Collection entries
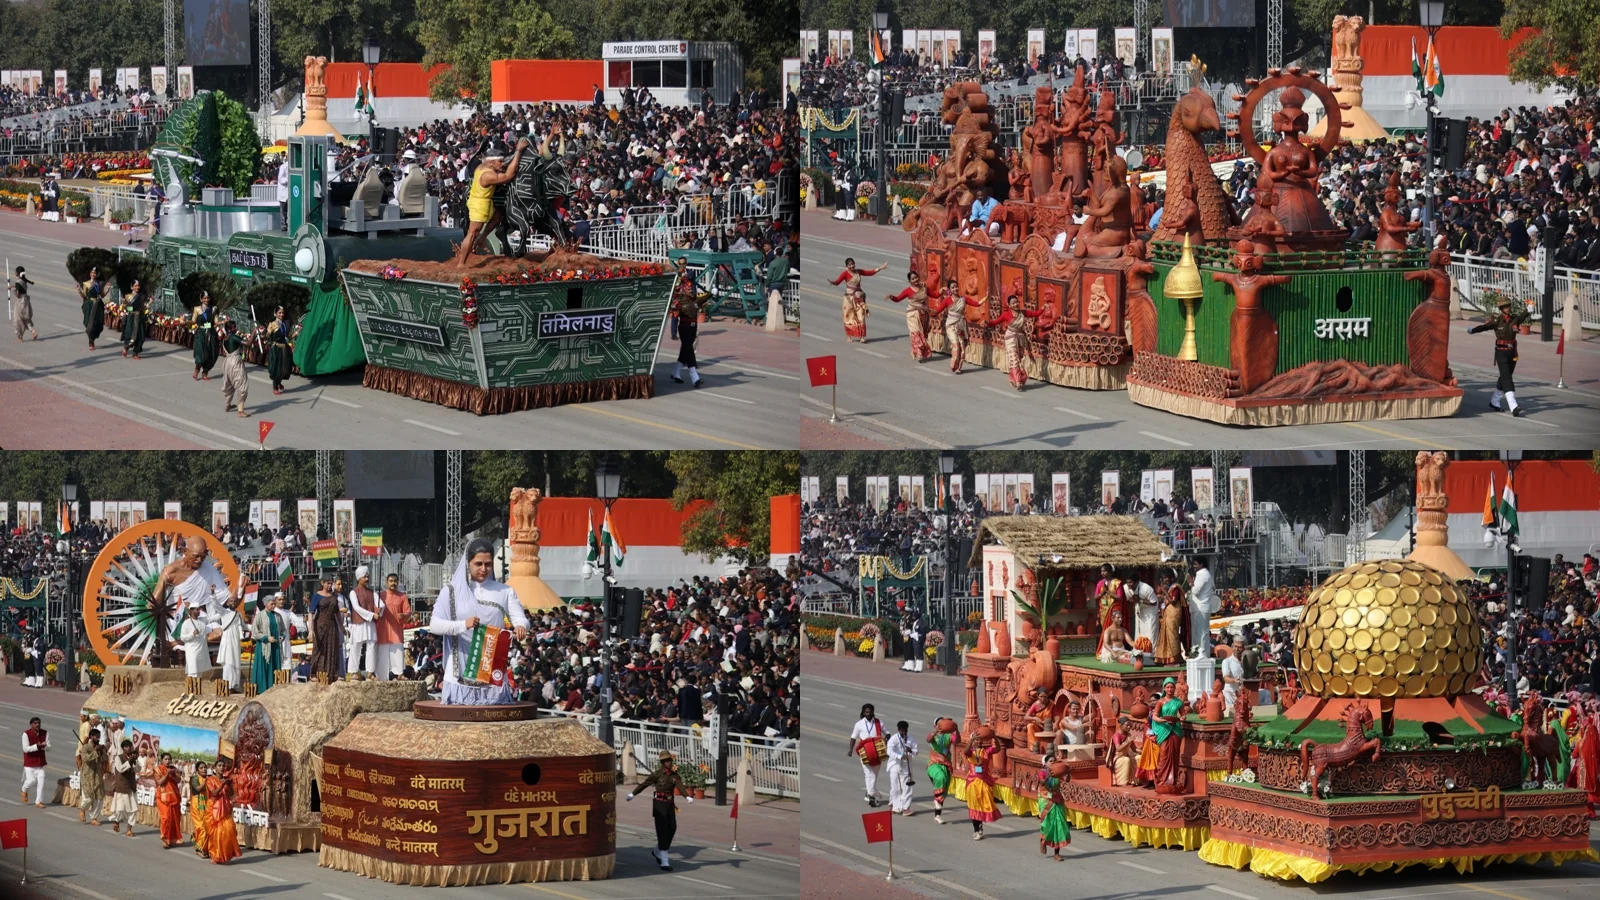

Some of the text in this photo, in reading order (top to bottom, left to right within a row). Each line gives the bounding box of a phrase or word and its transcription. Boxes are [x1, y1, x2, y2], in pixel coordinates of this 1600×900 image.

[613, 44, 679, 54] PARADE CONTROL CENTRE
[1313, 317, 1371, 340] असम
[410, 774, 466, 793] वंदे मातरम्
[466, 804, 591, 855] गुजरात
[401, 840, 440, 859] मातरम्
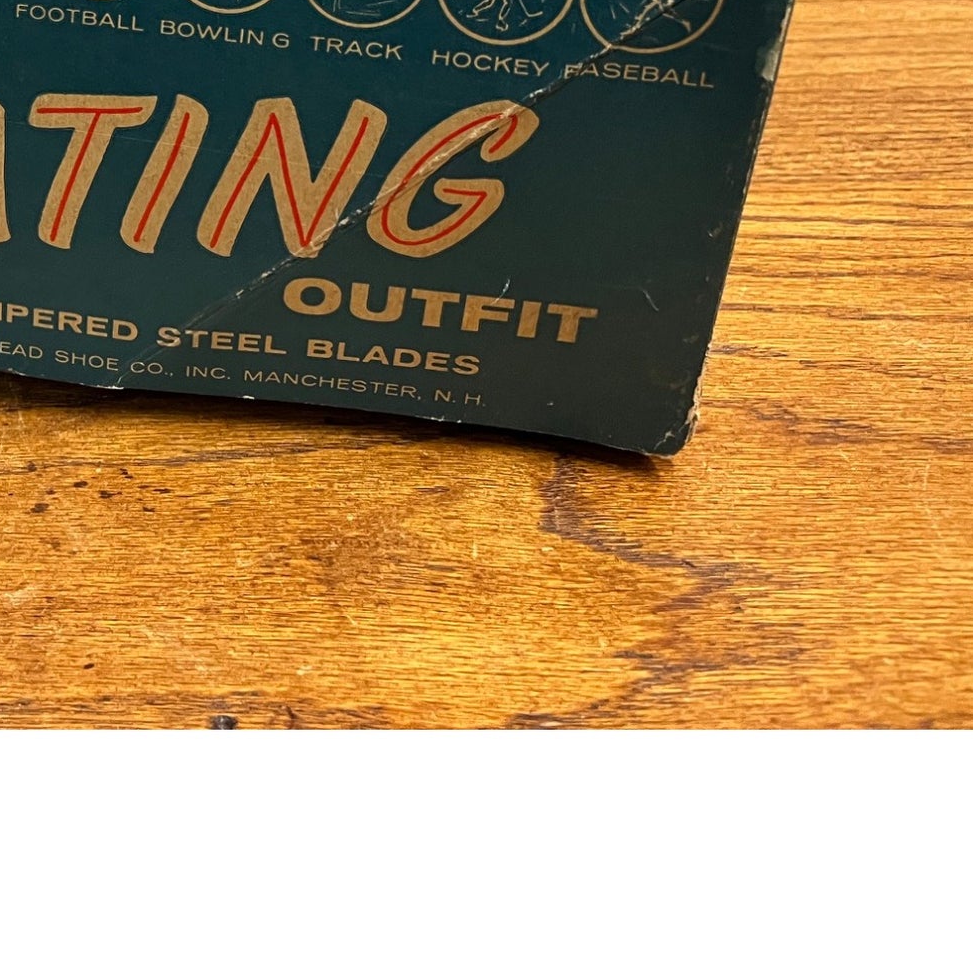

— WORK TO BE COMPLETED —
Give every line of the records above again, exactly, and omit the pictures.

— ANSWER TO THE EXERCISE —
Some of the text in this photo, in reading order (top to bottom, left to right within a row). Each line gives the bounding box of a phrase or word and its transcription. Boxes are [x1, y1, x2, y2], in pixel coordinates of this 1600×900 image.

[613, 44, 679, 54] PARADE CONTROL CENTRE
[1313, 317, 1371, 340] असम
[410, 774, 466, 793] वंदे मातरम्
[466, 804, 591, 855] गुजरात
[401, 840, 440, 859] मातरम्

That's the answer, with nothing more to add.